**Exercise directions**: Transcribe the lines below verbatim, skipping the images.

**Collected data entries**:
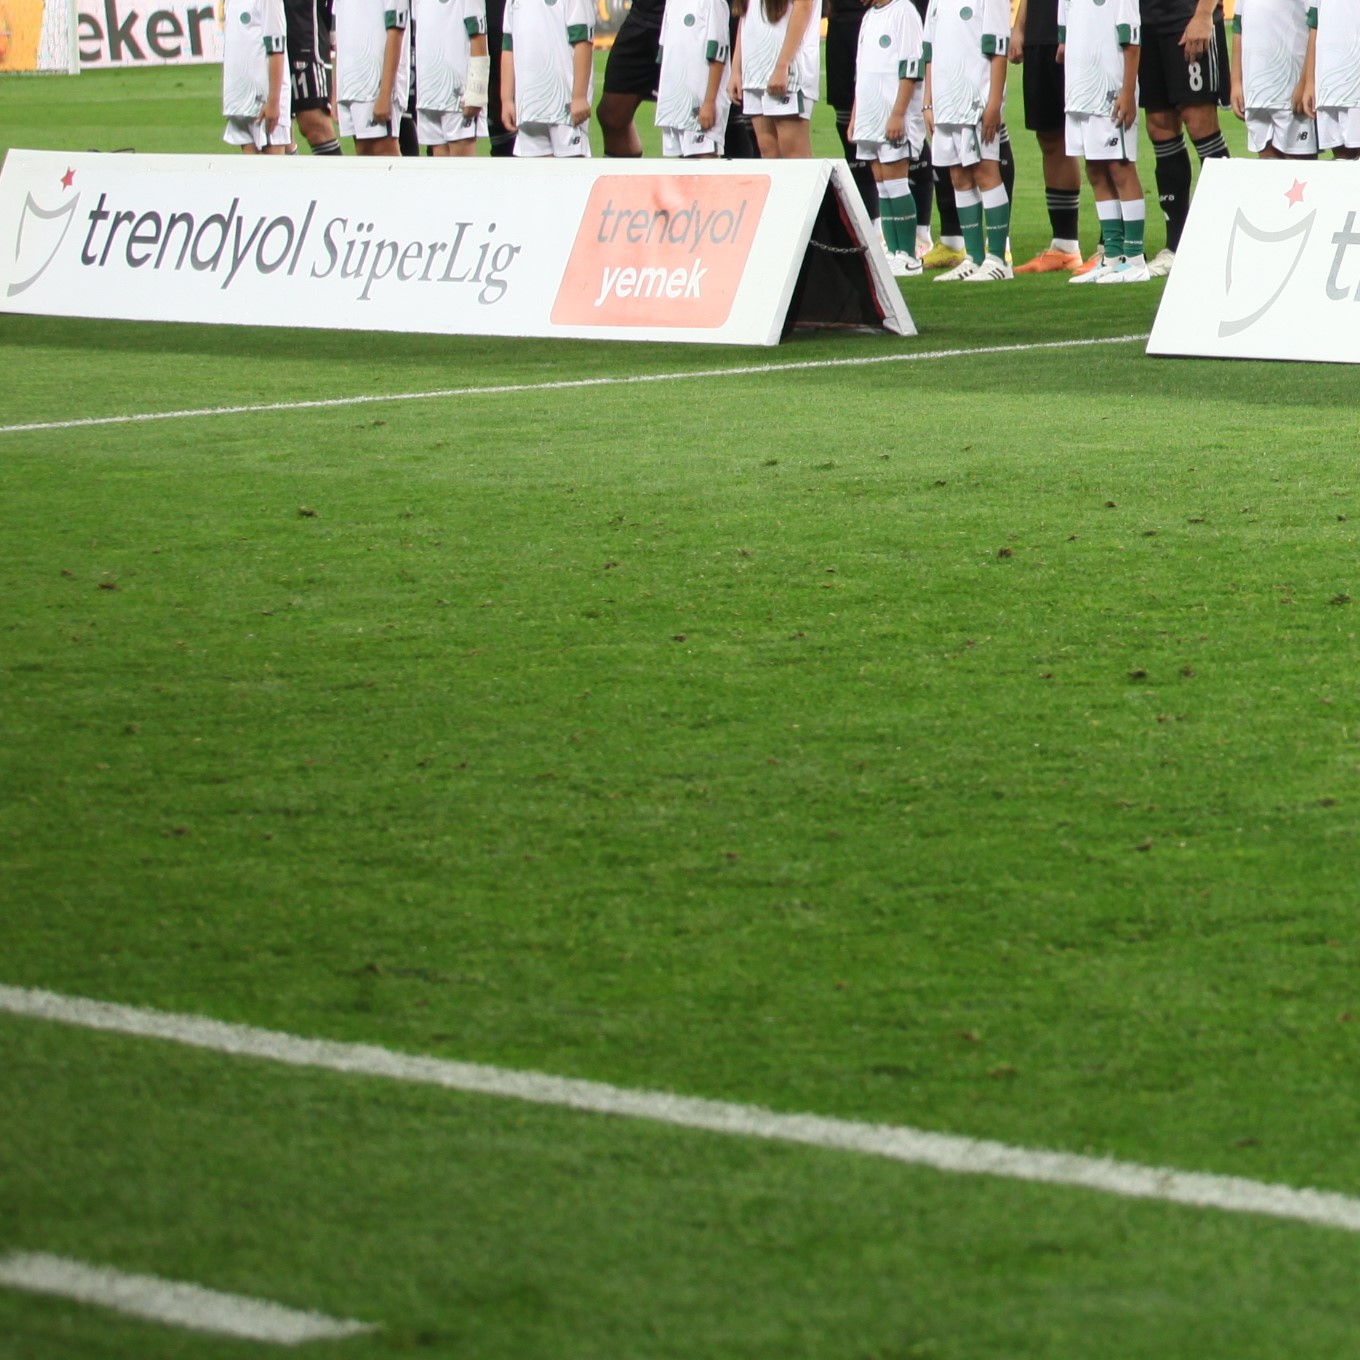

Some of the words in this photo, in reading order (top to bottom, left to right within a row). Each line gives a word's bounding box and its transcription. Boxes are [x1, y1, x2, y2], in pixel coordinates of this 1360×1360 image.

[1188, 61, 1204, 92] 8
[598, 197, 749, 247] trendyol
[80, 190, 315, 291] trendyol
[312, 218, 522, 306] SüperLig
[595, 257, 709, 306] yemek

**Output**:
Some of the words in this photo, in reading order (top to bottom, left to right within a row). Each line gives a word's bounding box and its transcription. Boxes are [x1, y1, x2, y2], in pixel coordinates of this 1360×1360 image.

[1188, 61, 1204, 92] 8
[598, 197, 749, 247] trendyol
[80, 190, 315, 291] trendyol
[312, 218, 522, 306] SüperLig
[595, 257, 709, 306] yemek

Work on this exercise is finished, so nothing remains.